--- Your assignment ---
The output consists only of the lines from the one with "this 1920×1280 image." through the end of the records, each printed exactly, and contains no pictures.

• • • •

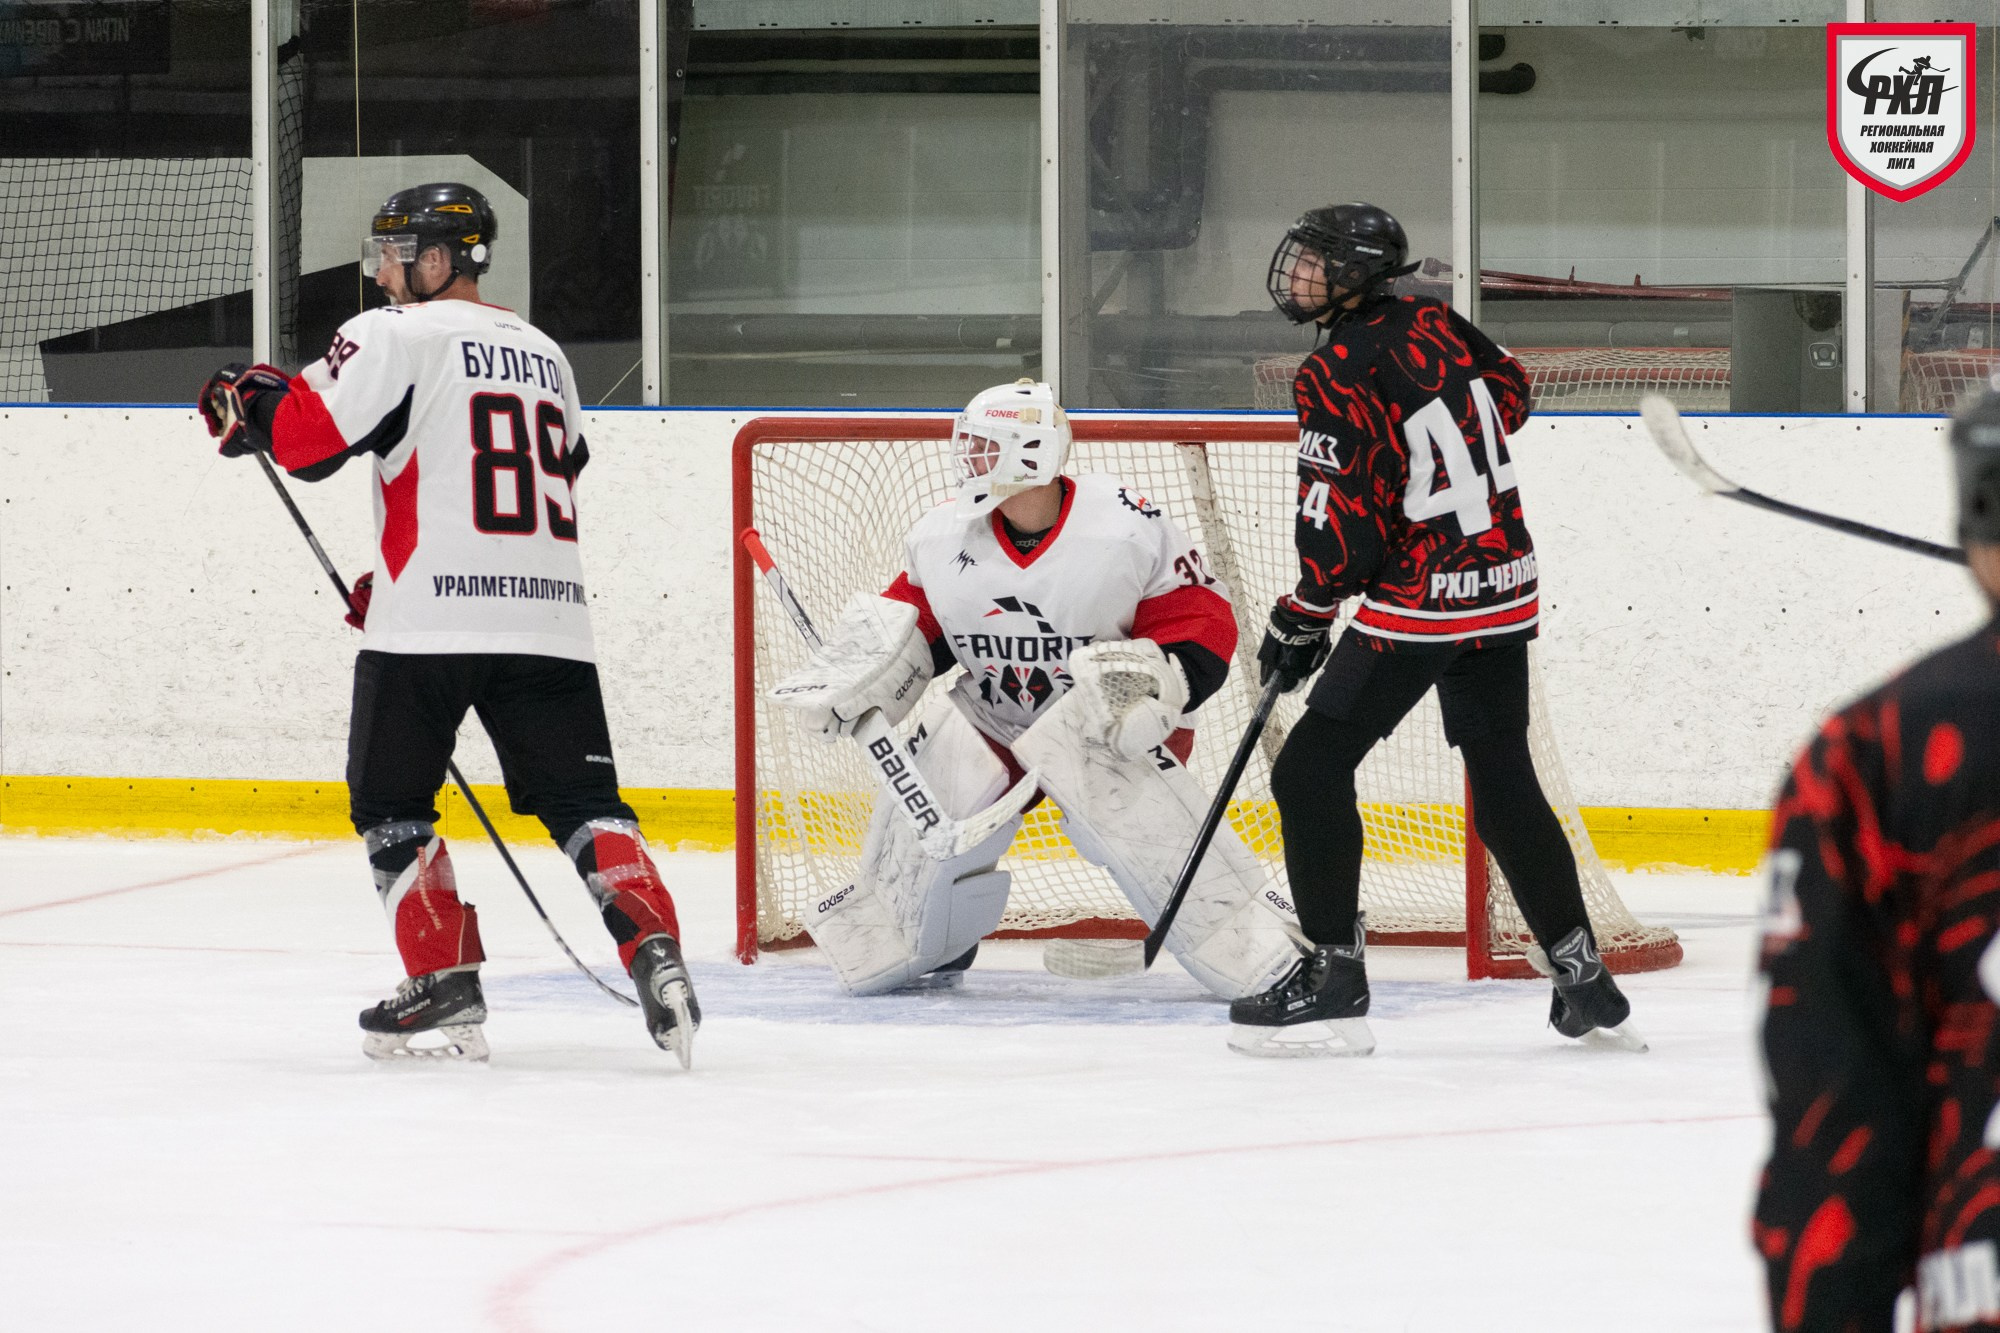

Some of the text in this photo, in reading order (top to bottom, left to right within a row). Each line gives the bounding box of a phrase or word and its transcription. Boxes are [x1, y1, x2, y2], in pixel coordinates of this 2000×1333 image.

[461, 341, 565, 400] БУЛАТО
[985, 409, 1020, 418] FONBE
[469, 391, 578, 543] 89
[1403, 377, 1518, 536] 44
[1298, 476, 1330, 531] 4
[774, 683, 829, 696] CCM
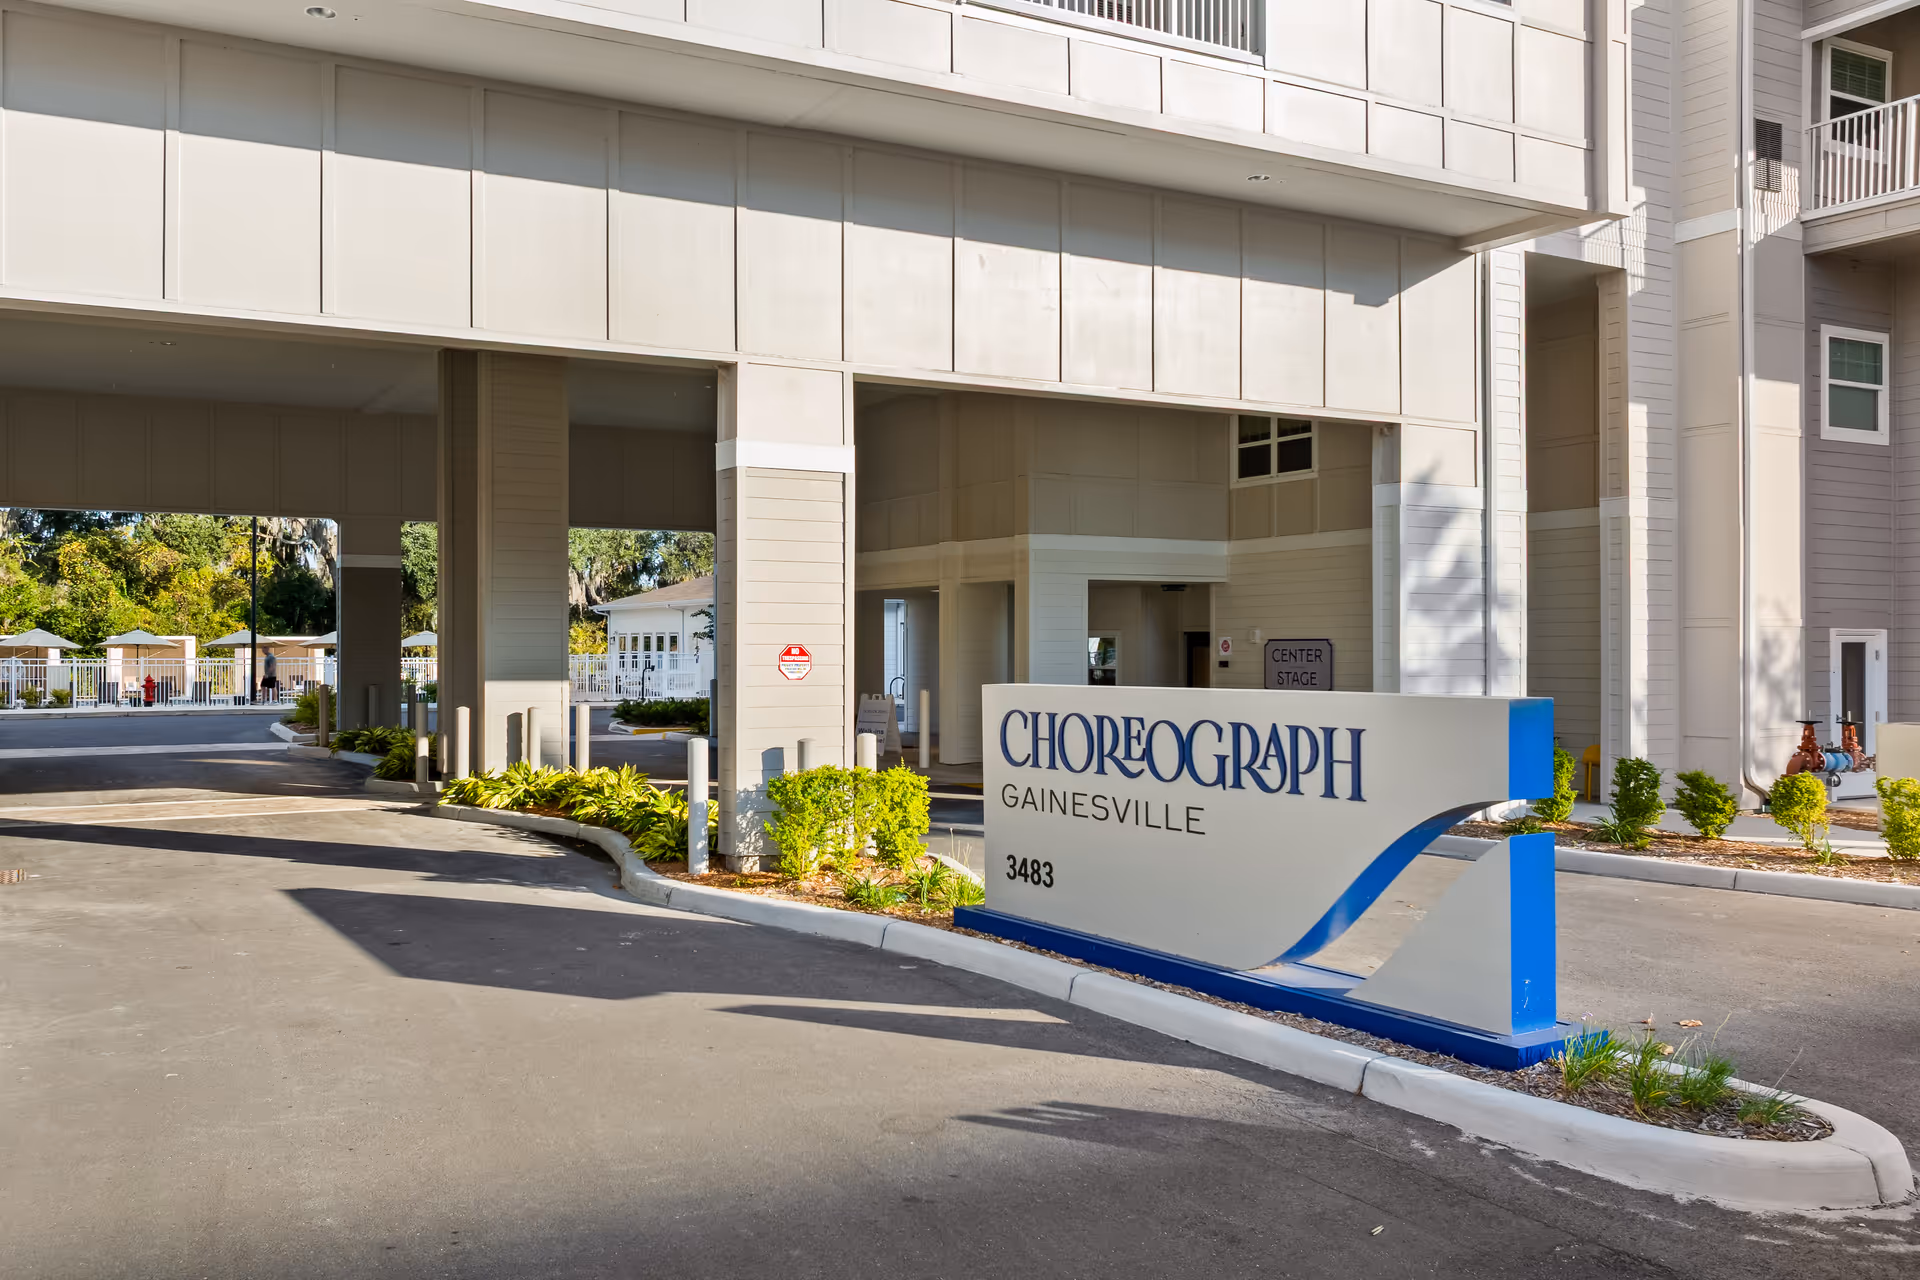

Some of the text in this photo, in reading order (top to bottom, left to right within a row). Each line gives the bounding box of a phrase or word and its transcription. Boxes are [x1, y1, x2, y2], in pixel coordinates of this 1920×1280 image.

[1271, 648, 1323, 663] CENTER
[1277, 671, 1318, 686] STAGE
[1000, 709, 1367, 802] CHOREOGRAPH
[1001, 784, 1206, 835] GAINESVILLE
[1006, 854, 1054, 888] 3483
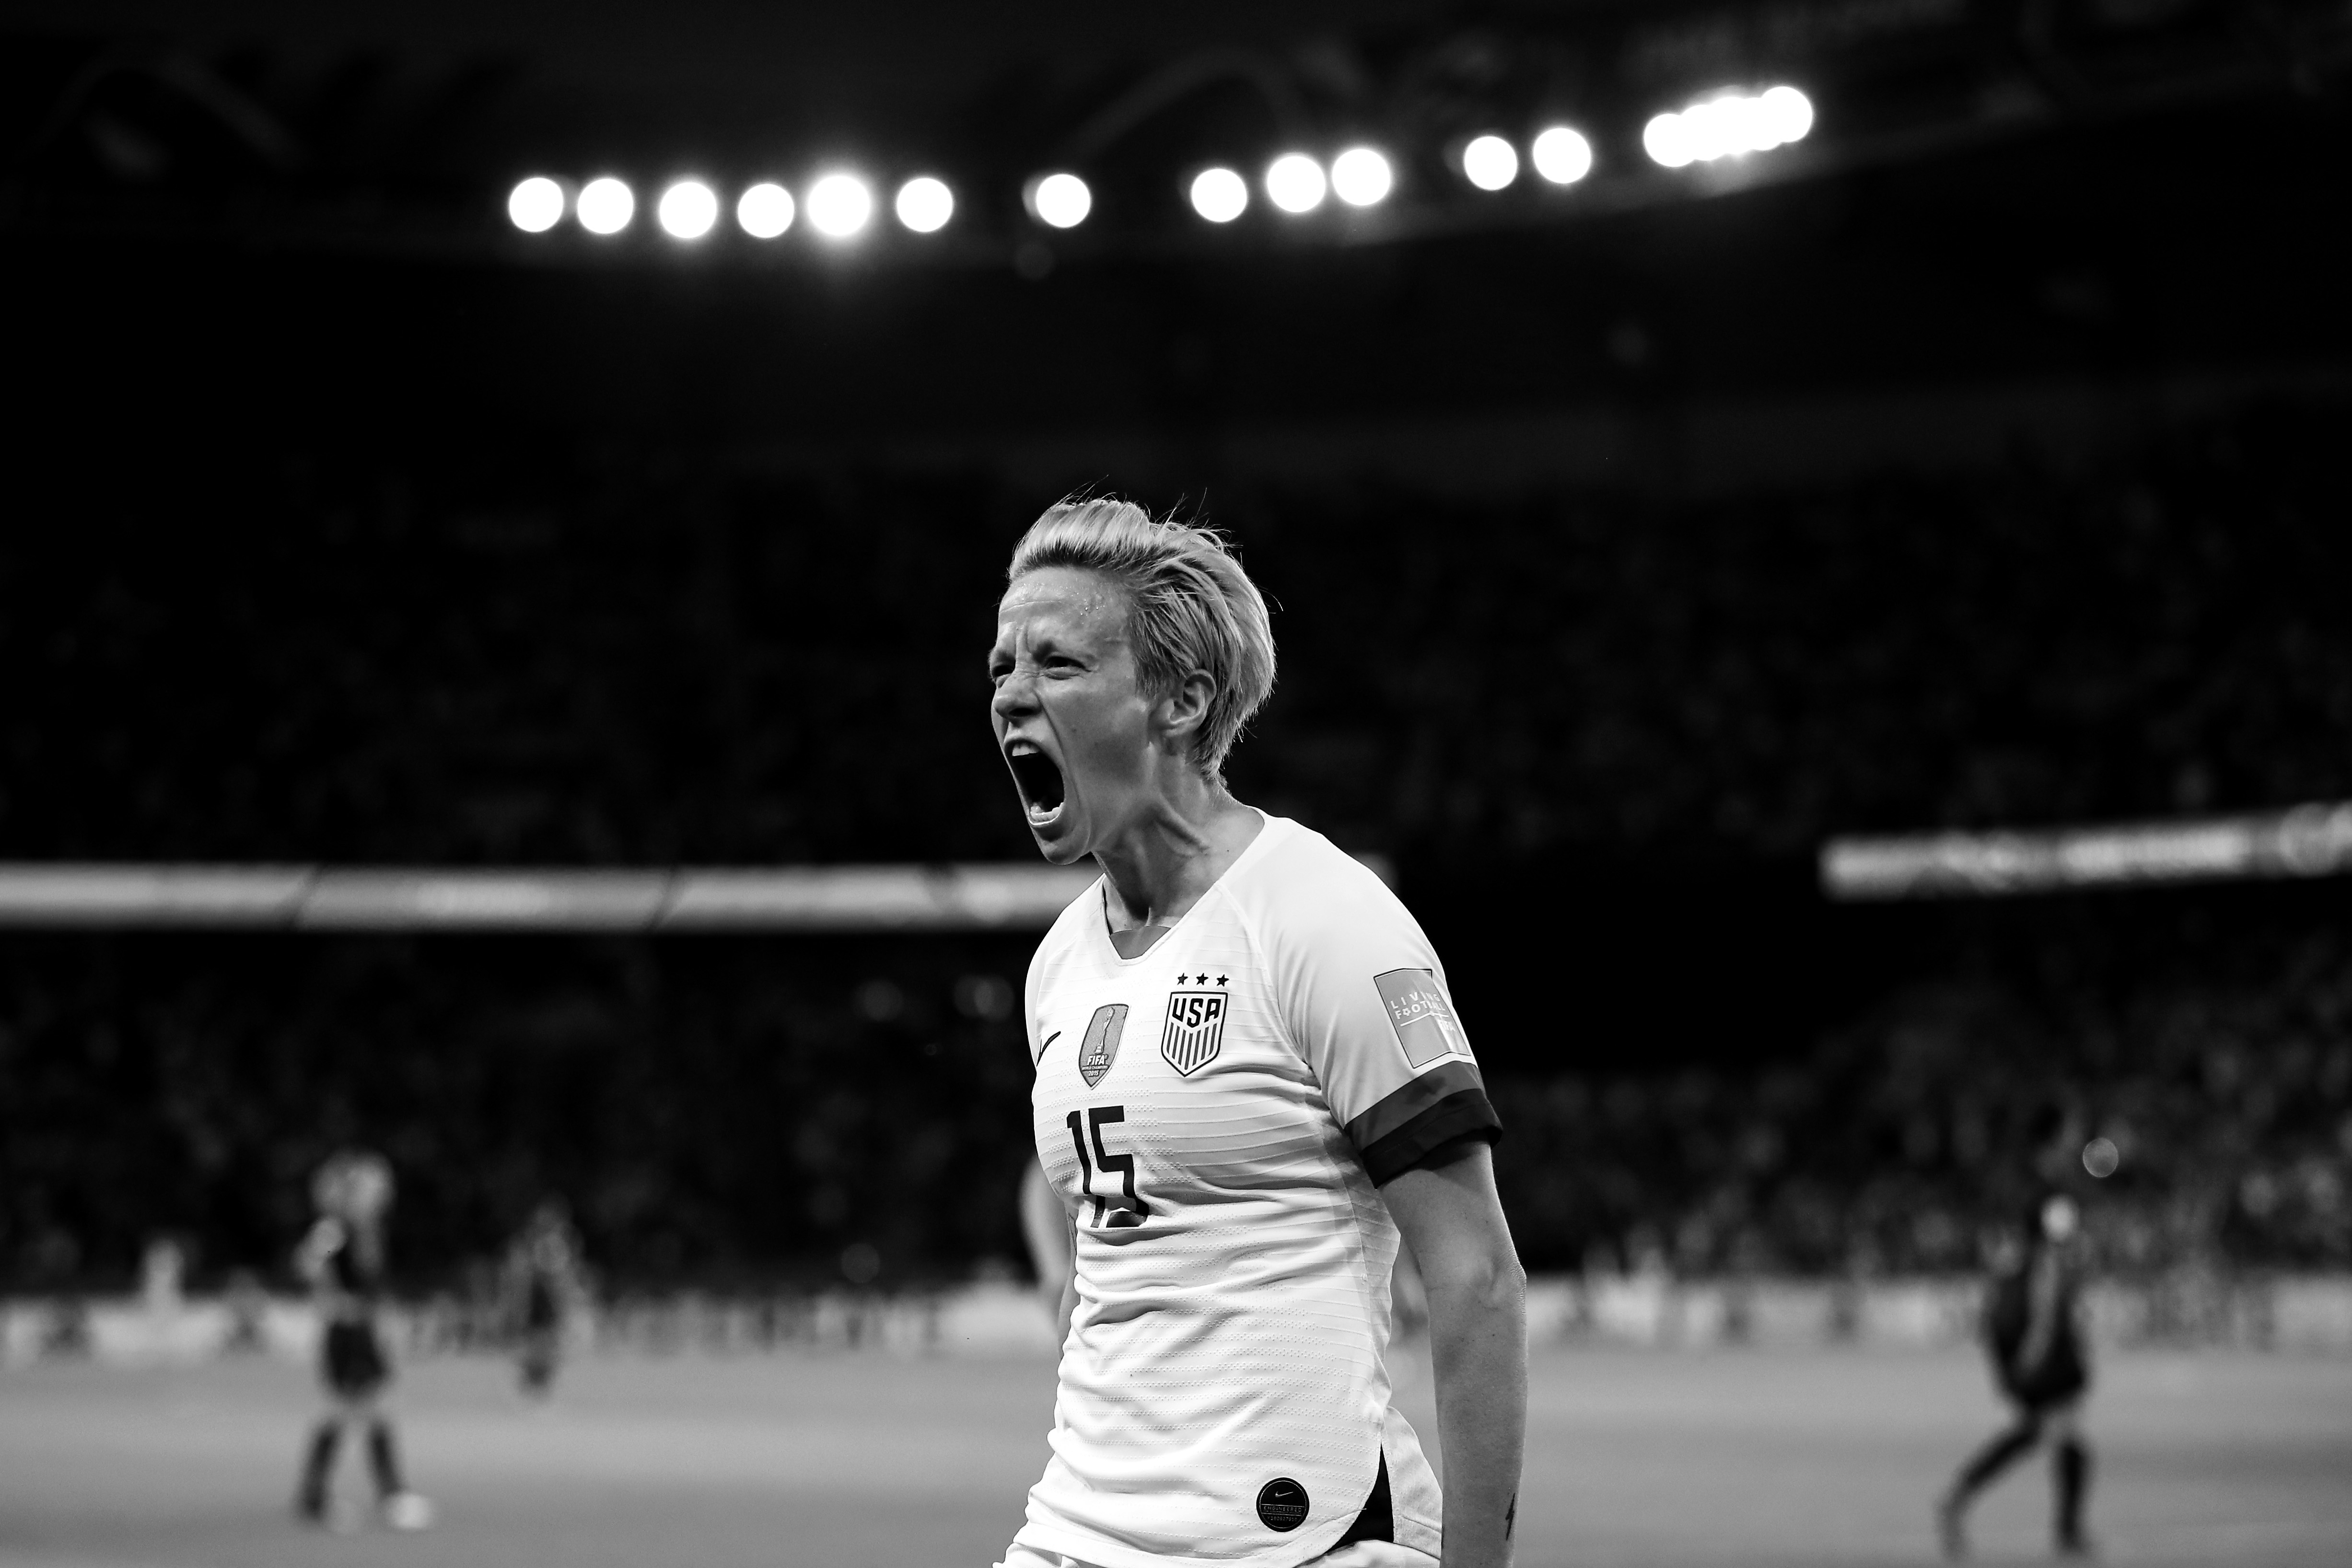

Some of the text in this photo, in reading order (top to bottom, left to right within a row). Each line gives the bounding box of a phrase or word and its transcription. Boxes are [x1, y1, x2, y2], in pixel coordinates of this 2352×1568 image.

• • • •

--- Output for this exercise ---
Some of the text in this photo, in reading order (top to bottom, left to right within a row). Each line gives the bounding box of a phrase or word and its transcription. Boxes are [x1, y1, x2, y2], in pixel coordinates of this 1920×1280 image.

[1271, 648, 1323, 663] CENTER
[1277, 671, 1318, 686] STAGE
[1000, 709, 1367, 802] CHOREOGRAPH
[1001, 784, 1206, 835] GAINESVILLE
[1006, 854, 1054, 888] 3483

Some of the text in this photo, in reading order (top to bottom, left to right within a row). Each line gives the bounding box of a phrase or word and its transcription. Boxes are [x1, y1, x2, y2], in pixel coordinates of this 2352×1568 image.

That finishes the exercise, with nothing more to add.